As it sees a torrent of court-ordered admittances and few discharges, the Maryland Department of Health is falling behind in its ability to treat defendants in its psychiatric hospitals.
Paula Langmead, CEO of MDH’s Springfield Hospital Center in Sykesville, told the Justice Reinvestment Act Oversight Board at a meeting Thursday that getting people required treatment is a department priority.
“Right now, it’s also a very difficult priority,” she said.
Last month, the Department of Health held a listening session with mental health providers across the state. Langmead called that meeting “painful.”
The problem, Langmead said, is that “we cannot discharge enough of our citizens from our psychiatric facilities to accommodate the number of people that need admission” despite having added 40 more psychiatric beds to the system earlier this year.
“That really gave us a boost for those months and, I think, helped us to get down to the 10 days between one of your [court] orders and our admission to a facility,” Langmead said.
But, she said, July “was not kind” to the state’s behavioral health care system.
From May to July of this year, the Department of Health received 130 judicial orders to commit defendants to its facilities — “an increase from the quarter before,” Langmead said.
In the last three weeks, alone, Langmead said that the system received 77 admissions — 64 of which were court-ordered placements.
.During the same time period, only 43 people were discharged.
The cycle time for a defendant’s placement in a state facility now is about 15 days.
According to Langmead, a big factor in the department’s inability to discharge patients more quickly is the difficulty of maintaining full staffs, in large part because other industries also vying for employees are offering better wages and hiring incentives.
“We’re at a loss here,” she said. “A major part of that loss is the fact that, why would you want to come work for a place that’s a congregate care living situation in the middle of a pandemic with some of the most severely mentally ill citizens of Maryland?”
“You have to be very very dedicated to this kind of work,” Langmead said.
She told the committee that finding places in the community to send people after their hospital stays has also delayed discharges.

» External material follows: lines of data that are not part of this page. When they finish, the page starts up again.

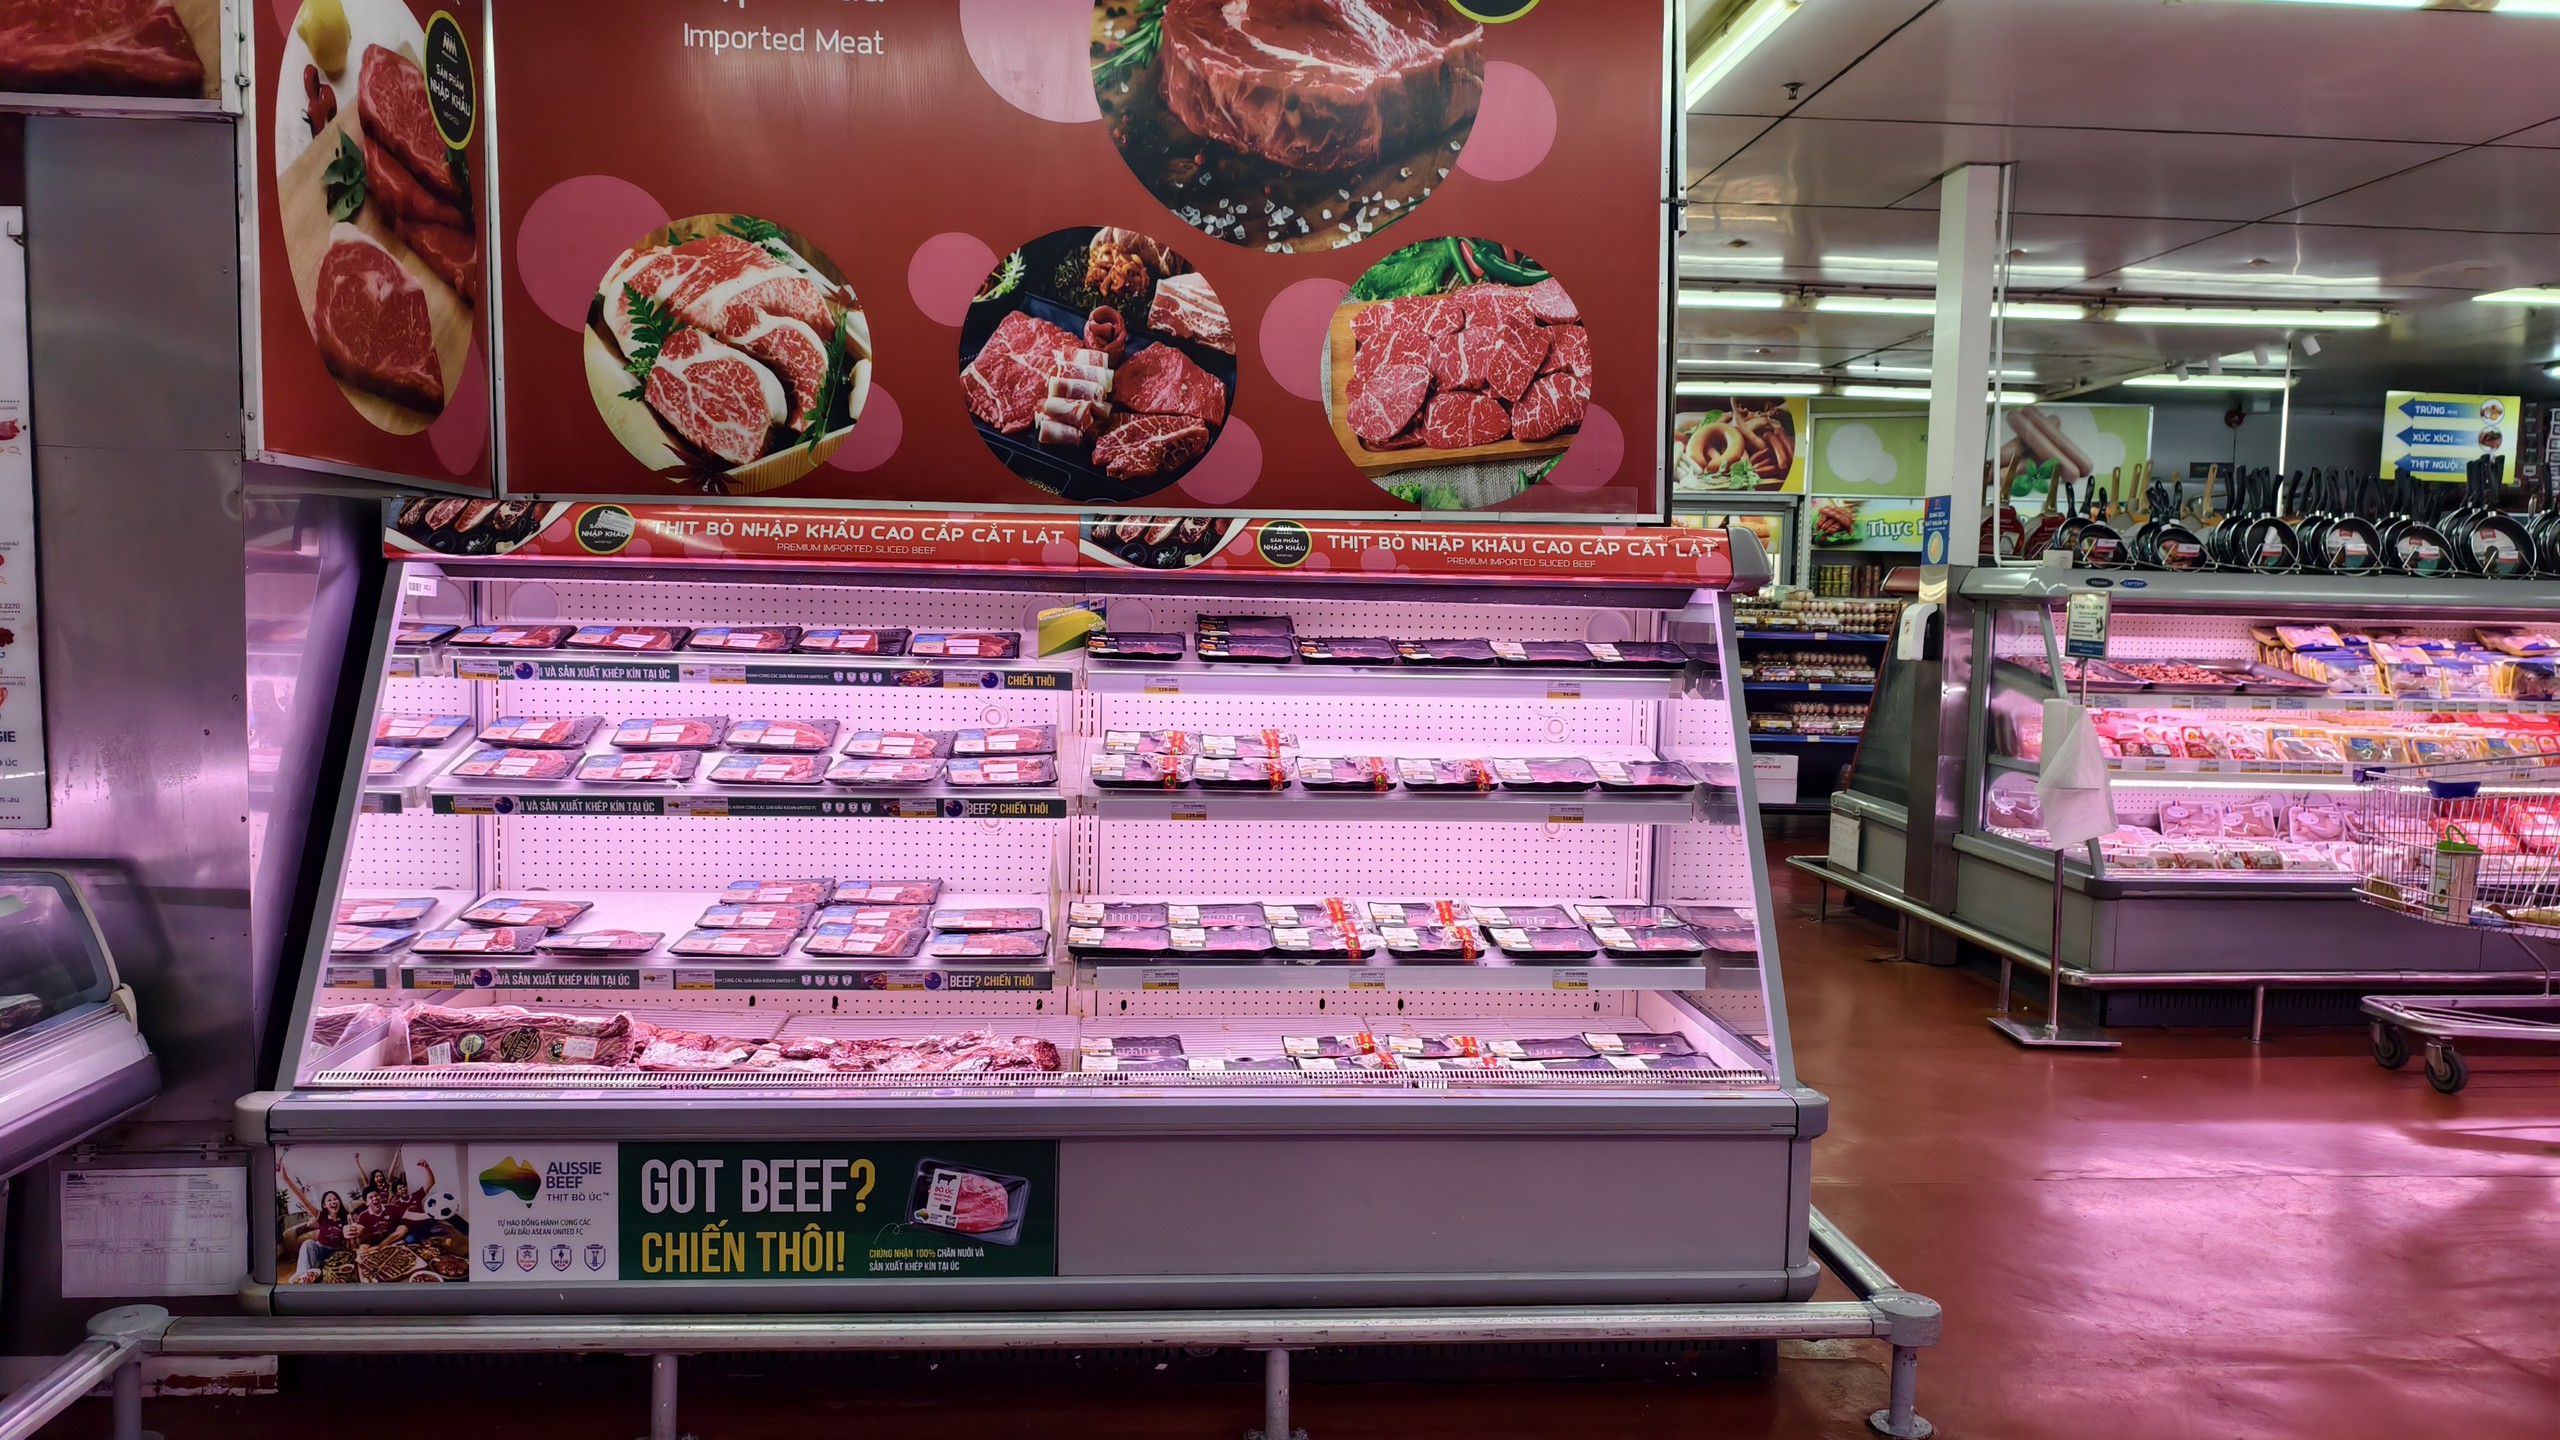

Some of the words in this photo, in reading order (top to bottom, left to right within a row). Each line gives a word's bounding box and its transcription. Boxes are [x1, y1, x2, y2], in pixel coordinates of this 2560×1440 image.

[684, 22, 805, 56] Imported
[815, 28, 885, 55] Meat
[2415, 401, 2446, 415] TRỨNG
[2412, 431, 2431, 443] XÚC
[2433, 431, 2454, 443] XÍCH
[2411, 458, 2430, 472] THỊT
[2432, 459, 2459, 471] NGUỘI
[653, 520, 700, 538] THỊT
[706, 518, 735, 537] BÒ
[741, 519, 799, 541] NHẬP
[806, 518, 865, 540] KHẨU
[871, 525, 914, 541] CAO
[921, 521, 965, 542] CẤP
[971, 522, 1015, 543] CẮT
[1022, 526, 1065, 545] LÁT
[1868, 519, 1913, 540] Thực
[777, 543, 821, 552] PREMIUM
[823, 544, 873, 554] IMPORTED
[875, 544, 909, 554] SLICED
[911, 546, 937, 555] BEEF
[1263, 543, 1284, 553] NHẬP
[1285, 543, 1306, 552] KHẨU
[1327, 535, 1371, 553] THỊT
[1378, 533, 1405, 551] BÒ
[1412, 535, 1465, 555] NHẬP
[1472, 535, 1526, 553] KHẨU
[1532, 540, 1573, 555] CAO
[1580, 538, 1621, 556] CẤP
[1627, 538, 1669, 557] CẮT
[1675, 539, 1715, 558] LÁT
[1447, 557, 1488, 566] PREMIUM
[1490, 558, 1536, 567] IMPORTED
[1538, 559, 1571, 568] SLICED
[1572, 560, 1597, 568] BEEF
[545, 665, 557, 678] VÀ
[558, 665, 576, 678] SẢN
[577, 665, 600, 678] XUẤT
[602, 666, 625, 679] KHÉP
[627, 666, 642, 679] KÍN
[642, 668, 658, 681] TẠI
[659, 666, 671, 679] ÚC
[1007, 672, 1034, 687] CHIẾN
[1035, 675, 1056, 687] THÔI
[526, 800, 537, 812] VÀ
[540, 798, 558, 812] SẢN
[560, 798, 583, 812] XUẤT
[585, 800, 608, 812] KHÉP
[610, 800, 625, 812] KÍN
[627, 802, 642, 814] TẠI
[643, 800, 655, 812] ÚC
[1000, 800, 1027, 814] CHIẾN
[1028, 803, 1049, 814] THÔI
[499, 973, 511, 985] VÀ
[511, 973, 531, 985] SẢN
[533, 972, 557, 986] XUẤT
[559, 973, 584, 986] KHÉP
[584, 973, 600, 986] KÍN
[602, 975, 616, 988] TẠI
[618, 973, 630, 986] ÚC
[950, 975, 981, 988] BEEF?
[984, 973, 1011, 987] CHIẾN
[1013, 975, 1034, 987] THÔI
[546, 1161, 602, 1175] AUSSIE
[546, 1176, 583, 1189] BEEF
[641, 1158, 724, 1213] GOT
[741, 1158, 876, 1213] BEEF?
[546, 1193, 569, 1203] THỊT
[571, 1192, 586, 1201] BÒ
[541, 1218, 559, 1226] HÀNH
[579, 1218, 591, 1226] CÁC
[641, 1219, 745, 1273] CHIẾN
[756, 1222, 845, 1272] THÔI!
[869, 1248, 893, 1259] CHỨNG
[894, 1247, 913, 1260] NHẬN
[915, 1248, 936, 1258] 100%
[937, 1247, 956, 1258] CHĂN
[957, 1247, 974, 1258] NUÔI
[975, 1246, 984, 1257] VÀ
[869, 1261, 883, 1272] SẢN
[884, 1259, 904, 1271] XUẤT
[905, 1261, 923, 1271] KHÉP
[924, 1260, 936, 1271] KÍN
[937, 1261, 949, 1273] TẠI
[950, 1260, 960, 1271] ÚC

“We think we’re having a hard time staffing,” Langmead said. “Our community providers are saying, ‘We can’t hire anybody; nobody wants to come in, in our kind of place, and work with this population.’”
While admitting people in a timely manner remains an issue, the COVID-19 pandemic has brought some benefits to the state’s psychiatric hospitals. Most notably: Zoom hearings.

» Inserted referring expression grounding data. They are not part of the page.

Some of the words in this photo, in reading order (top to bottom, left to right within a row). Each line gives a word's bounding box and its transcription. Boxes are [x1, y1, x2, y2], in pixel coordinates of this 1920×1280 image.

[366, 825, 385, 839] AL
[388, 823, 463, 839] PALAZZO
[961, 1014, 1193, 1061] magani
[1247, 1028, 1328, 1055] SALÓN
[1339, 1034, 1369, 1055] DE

Since March 2020, the Maryland Judiciary has conducted 120,837 meetings over Zoom with approximately 175,000 participants, totaling almost 40 million minutes.
“I joked to [Court of Appeals Chief Judge Mary Ellen] Barbera that I’m glad we bought the unlimited plan,” District Court Chief Judge John Morrisey said Thursday.

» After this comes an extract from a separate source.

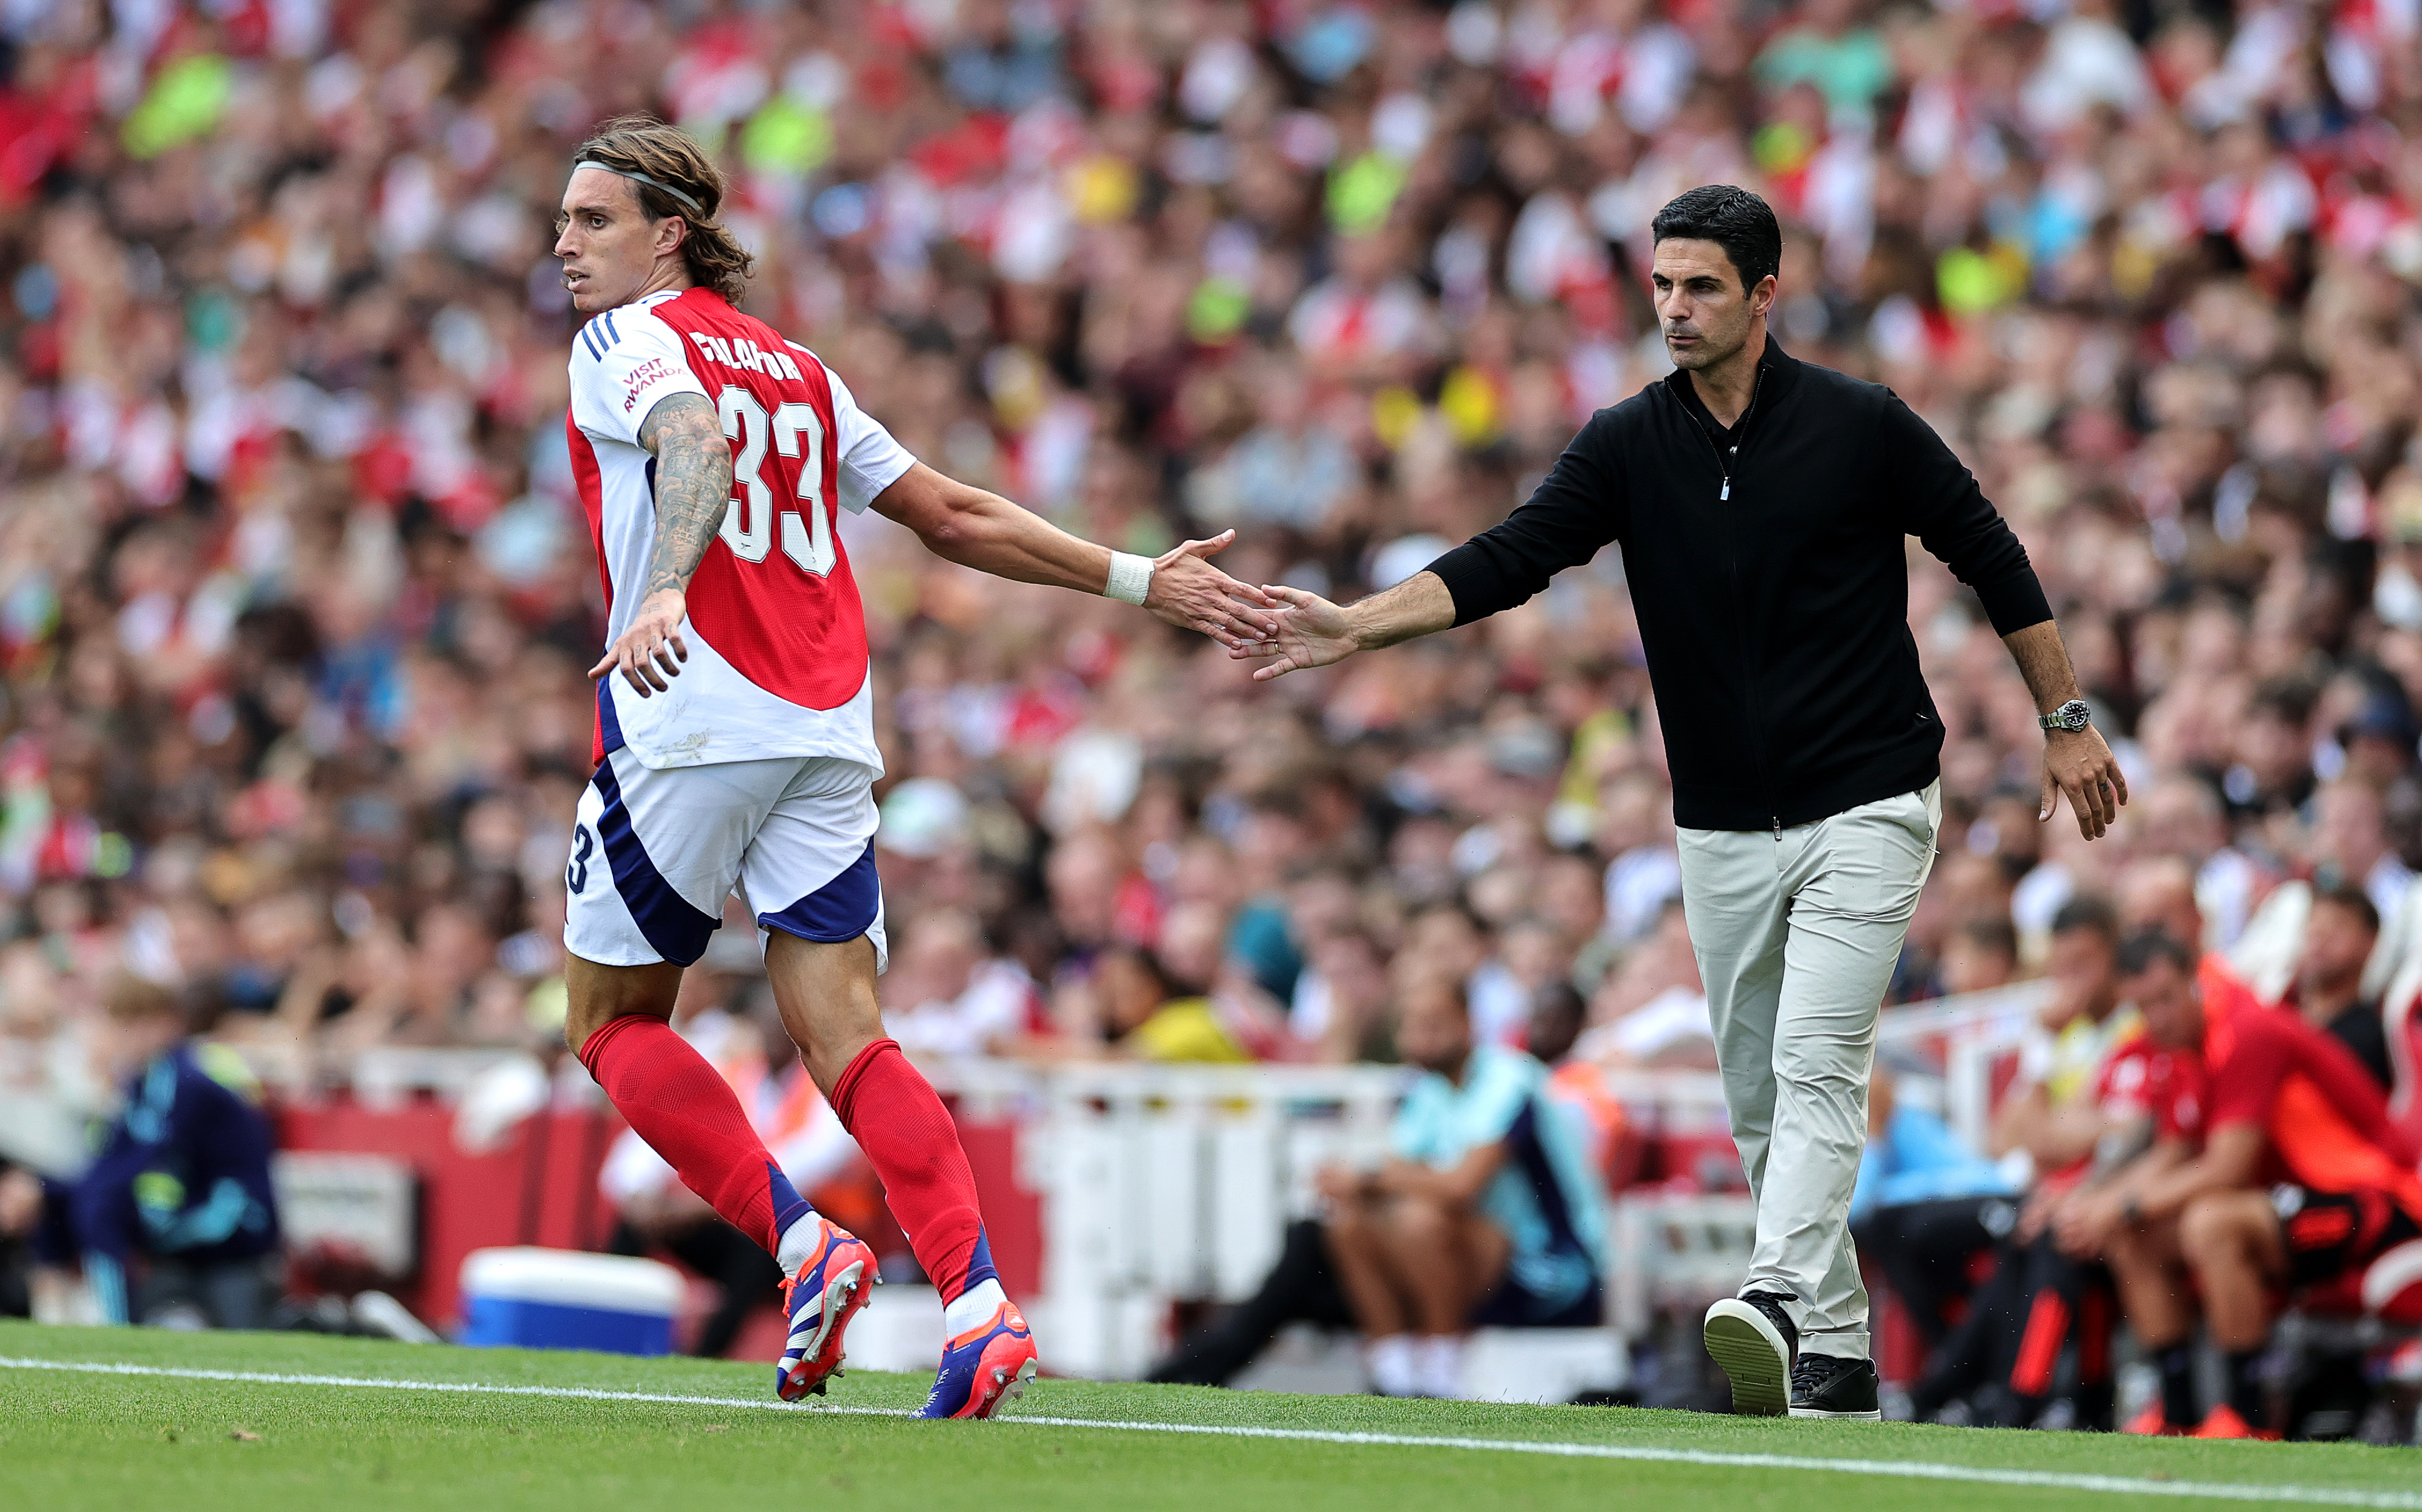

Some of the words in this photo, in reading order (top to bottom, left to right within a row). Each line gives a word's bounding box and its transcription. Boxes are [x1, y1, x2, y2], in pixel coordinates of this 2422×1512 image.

[622, 358, 662, 385] VISIT
[624, 368, 689, 414] RWANDA
[716, 384, 837, 578] 33
[568, 821, 593, 897] 3

Jokes aside, Morrisey told the committee that Zoom has had a significant impact on defendants held in the state’s psychiatric facilities.
He said “it’s wildly less disruptive” for people experiencing mental health problems to meet online rather than be transported to the courtroom.
Langmead thanked Morrisey for implementing Zoom hearings, noting that it has “made such a difference” for patients at her facility.
“We care for about 1,200 of the most challenging mentally ill citizens in Maryland, and for us to have to get police officers to come in, go to the units, shackle these people — not only by the wrist but by the ankles — get them down the hallway, drive them for a great deal of time to the courtrooms — this causes more trauma for the people we’re trying to heal,” Langmead said.
Morrissey said that he “fully intends” to keep using Zoom for forensic psychiatric cases after the pandemic is through.